Work to complete —
Please give the data below again in full, exactly as it stands.

(Data section begins)

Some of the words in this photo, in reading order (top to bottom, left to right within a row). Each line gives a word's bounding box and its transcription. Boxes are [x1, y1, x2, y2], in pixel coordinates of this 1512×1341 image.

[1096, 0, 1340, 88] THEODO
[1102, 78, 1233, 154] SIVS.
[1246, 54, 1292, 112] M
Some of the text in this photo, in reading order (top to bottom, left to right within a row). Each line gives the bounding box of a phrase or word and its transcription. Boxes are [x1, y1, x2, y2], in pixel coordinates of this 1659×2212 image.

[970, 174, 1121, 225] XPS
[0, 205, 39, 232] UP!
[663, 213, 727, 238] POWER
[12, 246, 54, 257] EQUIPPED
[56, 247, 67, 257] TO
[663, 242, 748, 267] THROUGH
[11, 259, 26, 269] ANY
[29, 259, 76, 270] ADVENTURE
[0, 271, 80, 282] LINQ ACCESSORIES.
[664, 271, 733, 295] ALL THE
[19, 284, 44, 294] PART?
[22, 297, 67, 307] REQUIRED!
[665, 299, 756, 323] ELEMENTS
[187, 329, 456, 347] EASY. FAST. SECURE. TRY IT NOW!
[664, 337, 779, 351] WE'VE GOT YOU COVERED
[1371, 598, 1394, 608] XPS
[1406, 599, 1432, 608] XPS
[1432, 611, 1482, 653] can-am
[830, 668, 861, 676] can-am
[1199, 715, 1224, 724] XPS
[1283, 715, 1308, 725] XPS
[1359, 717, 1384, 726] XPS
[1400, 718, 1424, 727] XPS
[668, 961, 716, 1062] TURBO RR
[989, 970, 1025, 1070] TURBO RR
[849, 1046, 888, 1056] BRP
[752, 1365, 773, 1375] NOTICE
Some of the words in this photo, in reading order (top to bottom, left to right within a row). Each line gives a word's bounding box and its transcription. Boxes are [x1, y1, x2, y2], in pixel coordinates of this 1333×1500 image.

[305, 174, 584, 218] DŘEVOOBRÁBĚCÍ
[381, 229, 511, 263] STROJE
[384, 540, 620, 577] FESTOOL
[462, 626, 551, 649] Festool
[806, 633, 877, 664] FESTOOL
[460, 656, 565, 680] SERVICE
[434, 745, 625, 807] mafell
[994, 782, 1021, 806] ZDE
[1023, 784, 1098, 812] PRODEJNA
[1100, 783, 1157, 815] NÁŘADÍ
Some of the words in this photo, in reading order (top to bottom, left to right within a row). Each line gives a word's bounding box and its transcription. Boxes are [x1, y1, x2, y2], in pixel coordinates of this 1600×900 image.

(Data section ends)

Task output —
Some of the words in this photo, in reading order (top to bottom, left to right within a row). Each line gives a word's bounding box and its transcription. Boxes are [x1, y1, x2, y2], in pixel coordinates of this 1512×1341 image.

[1096, 0, 1340, 88] THEODO
[1102, 78, 1233, 154] SIVS.
[1246, 54, 1292, 112] M
Some of the text in this photo, in reading order (top to bottom, left to right within a row). Each line gives the bounding box of a phrase or word and its transcription. Boxes are [x1, y1, x2, y2], in pixel coordinates of this 1659×2212 image.

[970, 174, 1121, 225] XPS
[0, 205, 39, 232] UP!
[663, 213, 727, 238] POWER
[12, 246, 54, 257] EQUIPPED
[56, 247, 67, 257] TO
[663, 242, 748, 267] THROUGH
[11, 259, 26, 269] ANY
[29, 259, 76, 270] ADVENTURE
[0, 271, 80, 282] LINQ ACCESSORIES.
[664, 271, 733, 295] ALL THE
[19, 284, 44, 294] PART?
[22, 297, 67, 307] REQUIRED!
[665, 299, 756, 323] ELEMENTS
[187, 329, 456, 347] EASY. FAST. SECURE. TRY IT NOW!
[664, 337, 779, 351] WE'VE GOT YOU COVERED
[1371, 598, 1394, 608] XPS
[1406, 599, 1432, 608] XPS
[1432, 611, 1482, 653] can-am
[830, 668, 861, 676] can-am
[1199, 715, 1224, 724] XPS
[1283, 715, 1308, 725] XPS
[1359, 717, 1384, 726] XPS
[1400, 718, 1424, 727] XPS
[668, 961, 716, 1062] TURBO RR
[989, 970, 1025, 1070] TURBO RR
[849, 1046, 888, 1056] BRP
[752, 1365, 773, 1375] NOTICE
Some of the words in this photo, in reading order (top to bottom, left to right within a row). Each line gives a word's bounding box and its transcription. Boxes are [x1, y1, x2, y2], in pixel coordinates of this 1333×1500 image.

[305, 174, 584, 218] DŘEVOOBRÁBĚCÍ
[381, 229, 511, 263] STROJE
[384, 540, 620, 577] FESTOOL
[462, 626, 551, 649] Festool
[806, 633, 877, 664] FESTOOL
[460, 656, 565, 680] SERVICE
[434, 745, 625, 807] mafell
[994, 782, 1021, 806] ZDE
[1023, 784, 1098, 812] PRODEJNA
[1100, 783, 1157, 815] NÁŘADÍ
Some of the words in this photo, in reading order (top to bottom, left to right within a row). Each line gives a word's bounding box and its transcription. Boxes are [x1, y1, x2, y2], in pixel coordinates of this 1600×900 image.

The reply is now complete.